An advertisement for the book revealed:
A treatise on operative surgery comprising a description of the various processes of the art, including all the new operations; exhibiting the state of surgical science in is present advanced condition; with eighty plates containing four-hundred and eighty-six separate illustrations.
Surgical treatments date back to the prehistoric era. The oldest evidence is trepanation, where a hole is drilled or scraped into the skull in order to treat health problems related to intracranial pressure and other diseases.
Surgical texts from ancient Egypt date back about 3500 years ago. Surgical operations were performed by priests, specialized in medical treatments similar to today. Infections were treated with honey.
Anesthesia was developed in the mid-19th century. Before the advent of anesthesia, surgery was a traumatically painful procedure and surgeons were encouraged to be as swift as possible to minimize patient suffering. This also meant that operations were largely restricted to amputations and external growth removals. Beginning in the era of Pancoast, surgery began to change dramatically with the discovery of effective and practical anesthetic chemicals such as ether.

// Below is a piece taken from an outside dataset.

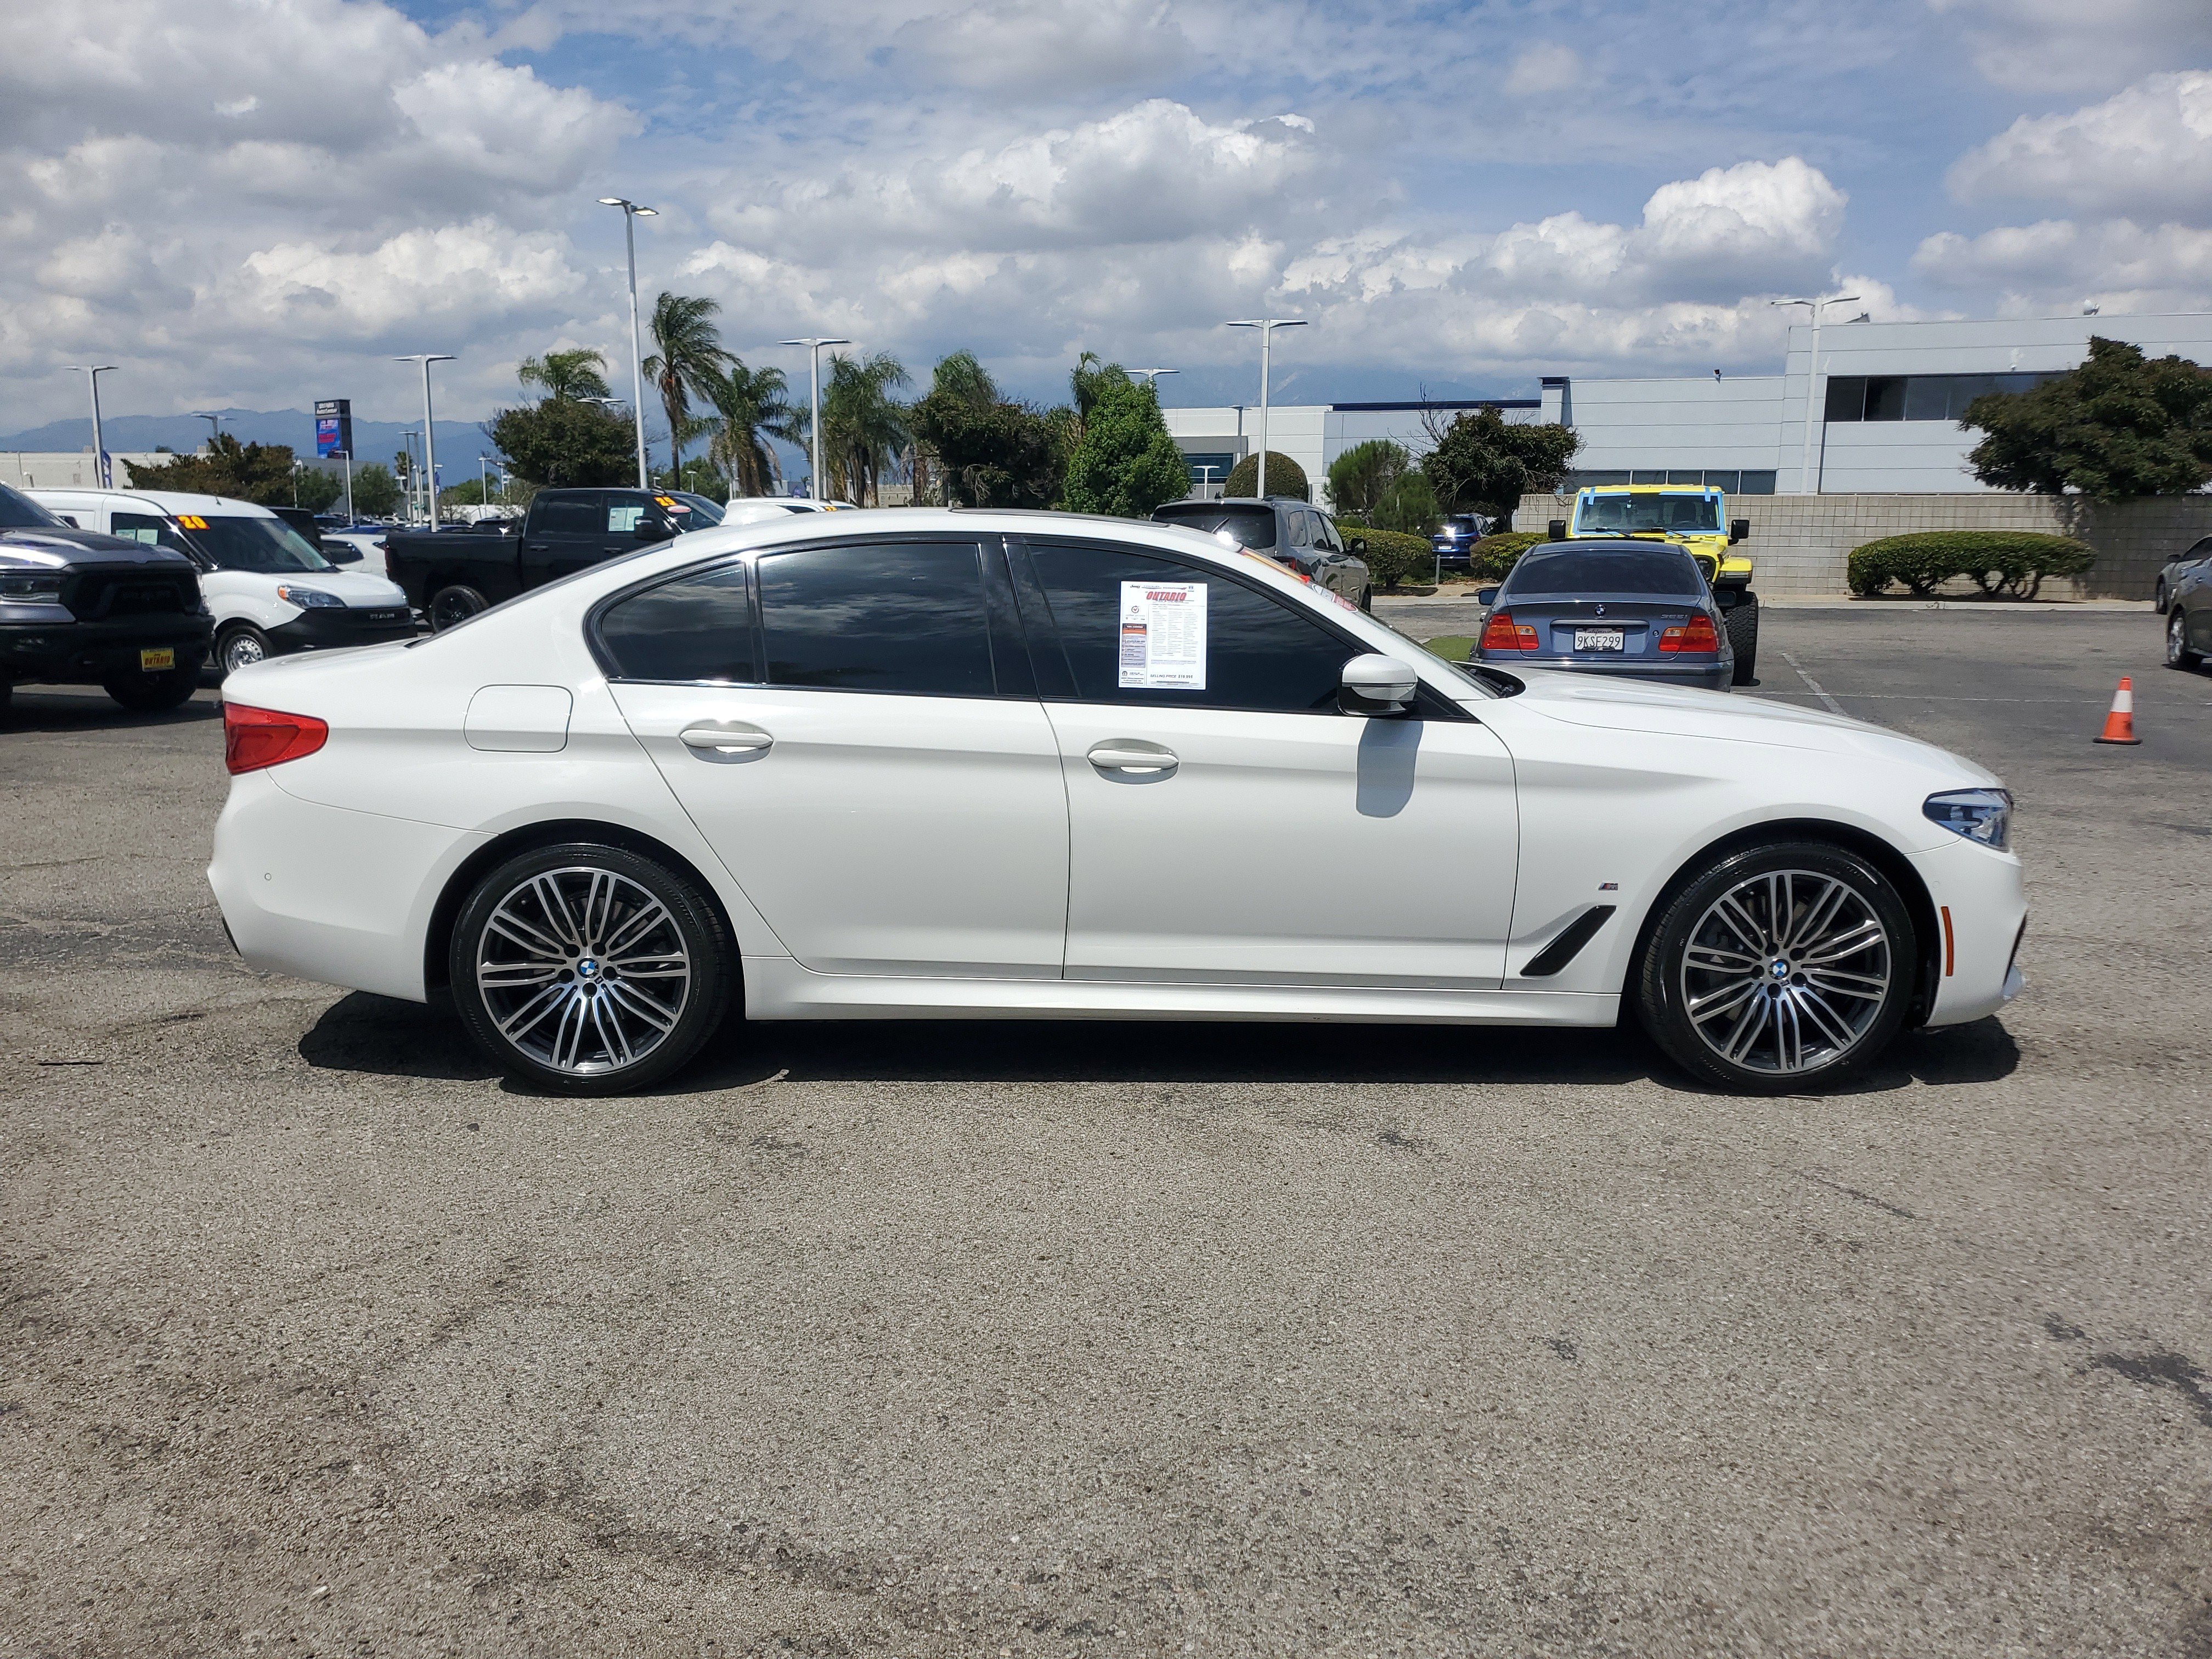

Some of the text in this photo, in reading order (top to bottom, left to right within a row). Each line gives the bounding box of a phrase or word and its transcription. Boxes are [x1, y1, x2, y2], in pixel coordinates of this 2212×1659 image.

[178, 516, 207, 529] 20
[1146, 591, 1187, 601] ONTARIO
[144, 655, 171, 665] ONTARIO

You might want to be sitting down for the illustrations below:
Unfortunately, the introduction of anesthetics encouraged more surgery, which inadvertently caused more dangerous patient post-operative infections. The concept of infection was unknown until relatively modern times. The first progress in combating infection was made in 1847 by the Hungarian doctor Ignaz Semmelweis (1818-1865) noticed that medical students fresh from the dissecting room were causing more maternal deaths when delivering babies compared to midwives. Despite ridicule and opposition, Semmelweis introduced compulsory handwashing for everyone entering the operating room.
If you think this was a tough post to get through, I want you to know that I composed it while eating a banana.